The Storage of Protein, Fat, Glycogen and Uric Acid in the Fat Body and other Tissues of Mosquito Larvae

V. B. WIGGLESWORTH 1

1 London School of Hygiene and Tropical Medicine

In the newly moulted fourth stage larva of Aedes aegypti the cells of the fat body contain fat droplets and numerous watery vacuoles. Protein is present only in the form of cytoplasmic strands between these inclusions. Some of the watery vacuoles contain glycogen; in, others there is uric acid in solution. Glycogen is present also in the ganglia and connectives of the central nervous system and in great masses in the sarcoplasm enveloping the muscles and between the muscle fibrils.
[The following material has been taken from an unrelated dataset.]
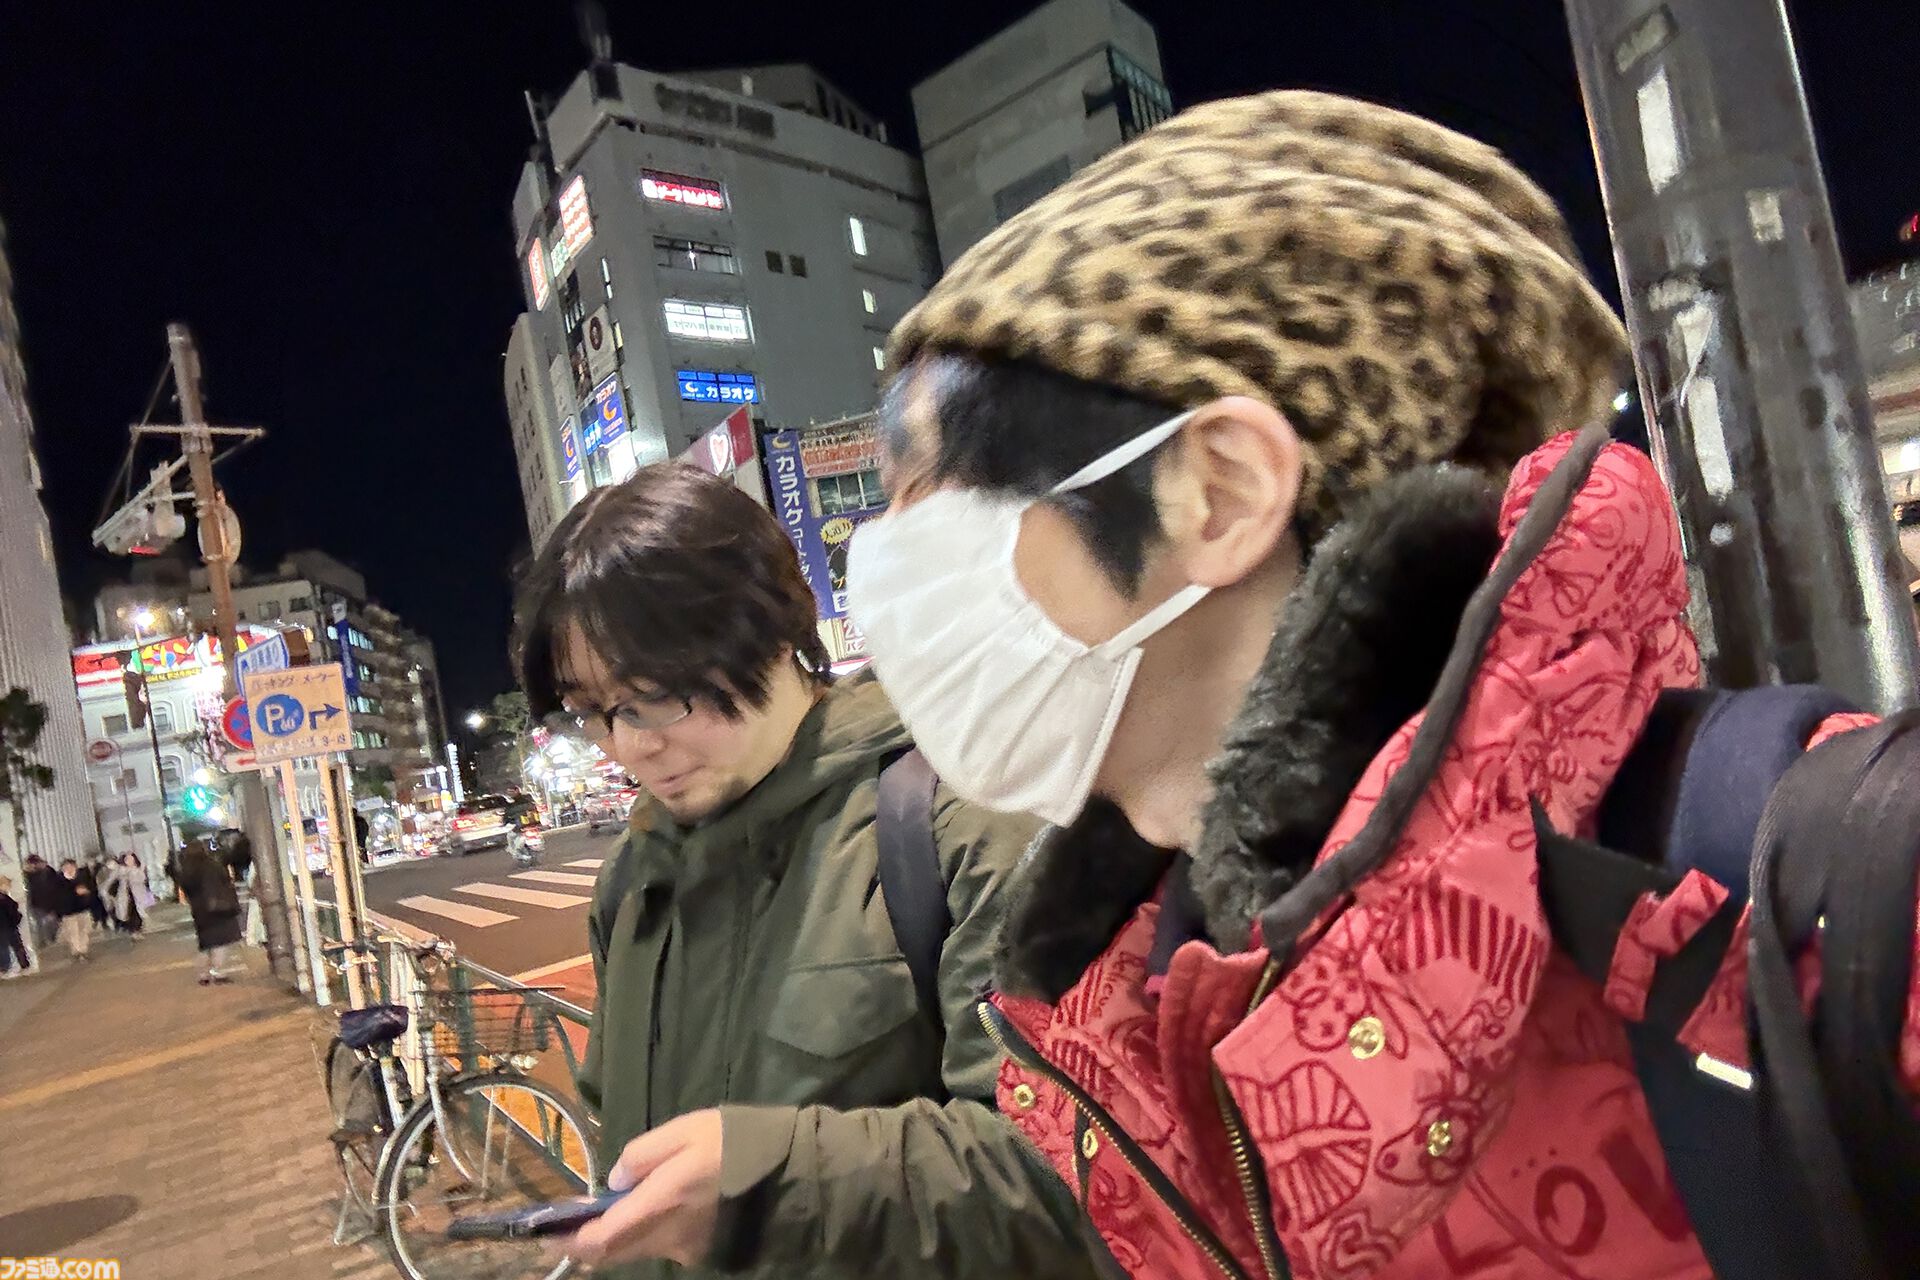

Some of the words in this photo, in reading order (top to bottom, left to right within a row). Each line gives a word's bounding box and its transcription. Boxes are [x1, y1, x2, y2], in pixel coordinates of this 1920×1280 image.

During starvation, fat, glycogen and protein are used up concurrently. In 10-15 days (at 28° C.) all the stainable fat has disappeared and glycogen is absent or present in minute traces in the sarcoplasm only. Nuclei and cytoplasm in all tissues are much wasted. The utilization of protein is marked by a progressive accumulation of uric acid in the aqueous vacuoles of the fat body. In some of these uric acid may crystallize out during life. This accumulation of uric acid can be largely prevented by feeding on casein or on starch.

When starved larvae are fed on starch there is a massive deposition of glycogen in the epithelium of the posterior half of the midgut. A little is deposited in the cells of the gastric caeca and occasionally in the cells of the Malpighian tubes. Subsequently glycogen collects in the cells, of the fat body until these are enormously distended with it and around the muscles until the sarcoplasm is practically solid with glycogen. Some appears also in the central nervous system. Rather small fat droplets collect round the nuclei of the fat body and in the oenocytes.

After feeding on sugars, glycogen and fat have the same distribution as above. Different sugars vary in their efficiency as precursors of glycogen; from some (raffinose, sorbose, rhamnose, arabinose) no glycogen seems to be formed.

After-feeding on olive oil, droplets of fat are limited to the cells of the anterior half of the midgut and to some cells in the gastric caeca. Occasionally droplets appear in the cells of the Malpighian tubes. Much fat collects in the oenocytes and in the fat body, but no glycogen is laid down.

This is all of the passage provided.